That’s good for some companies (coughTwittercough), but Chasen says that for many start-ups, little attention is paid to the basics of business: working hard and becoming profitable as quickly as possible.
“Hype is good and hype helps but it’s very rare to have hype-driven companies actually amount to anything,” Chasen said. “What ultimately makes any business sexy is being successful.”
Ah, yes: The Sexy. It’ll be the topic of the South by Southwest Interactive panel “Unsexy & Profitable,” which will include Chasen, Hooman Radfar of Clearspring Technologies, Inc., Alan Martin of CampusBookRentals.com and writer Paul Carr from TechCrunch as moderator.
So why do companies like Twitter and Facebook — which have upended the tech industry but started off with no clear business plan — get the spotlight while smaller, more successful companies get written off as boring?
In the case of Twitter, Chasen says, “It was obviously very hyped and growing incredibly quickly. But it’s a great example of one that may or may not actually be a business. That really has yet to be determined. That doesn’t mean the founders aren’t going to make a lot of money. But hey, maybe some of us would trade our business for Twitter.”
As for uShip, the company, which auctions shipping services on its Web sites, was founded in early 2003, launched in 2004 and reached profitability in mid-2008. Chasen says the company focused on coming up technology that would improve an established industry and create a strong revenue model.

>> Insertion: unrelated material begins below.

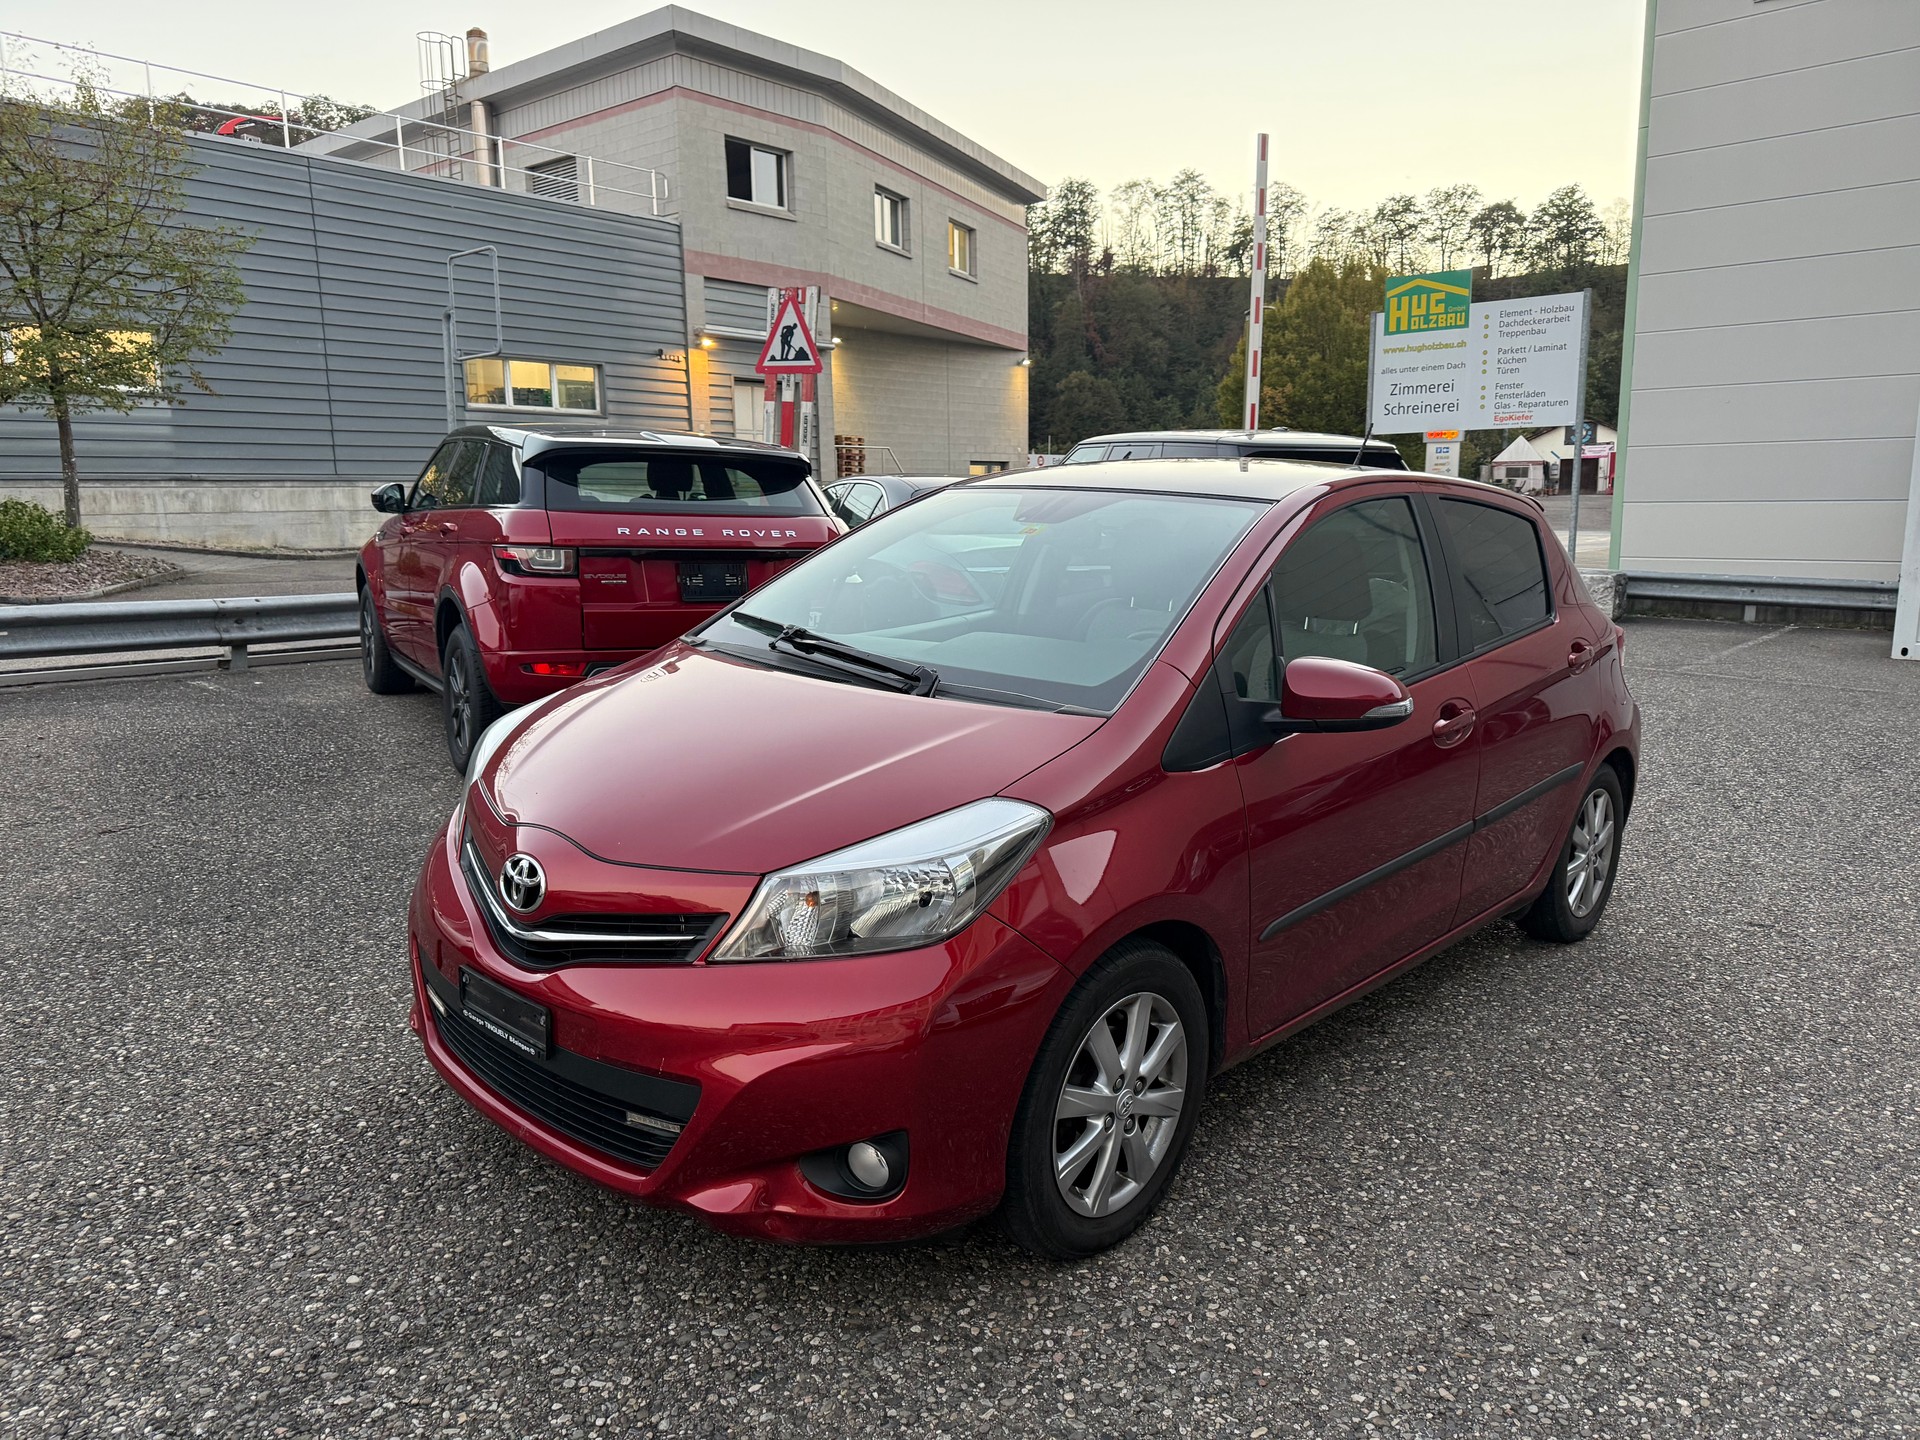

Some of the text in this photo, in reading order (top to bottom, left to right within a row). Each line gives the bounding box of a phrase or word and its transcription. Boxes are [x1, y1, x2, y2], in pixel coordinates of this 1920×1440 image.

“Transportation is just about one of the most boring, old-school industries. But it’s an industry that in my mind was sort of overlooked during the initial sort of Internet revolution,” Chasen said. “I was looking for was an industry where there seemed to be a lot of opportunity. It was a growing problem: how do you get things from point A to B?
“It was also an industry that really had a lot of opportunity to make much, much more efficient using all the strengths that make the Internet great.”
The company is expanding to international areas, but, “we’re being as careful as we can to focus on not getting ahead of ourselves. We’re reinvesting profits instead of blowing a bunch of money in new markets,” Chasen said.
Because Chasen’s company is hosting the panel, he joked, “We’re feeling a tremendous pressure to stay profitable.”
Other panel participants include CampusBookRentals, which might also be considered a more staid kind of company in an established industry, while Clearspring, which focuses on Web site widgets, could be considered “Sexy but unprofitable.”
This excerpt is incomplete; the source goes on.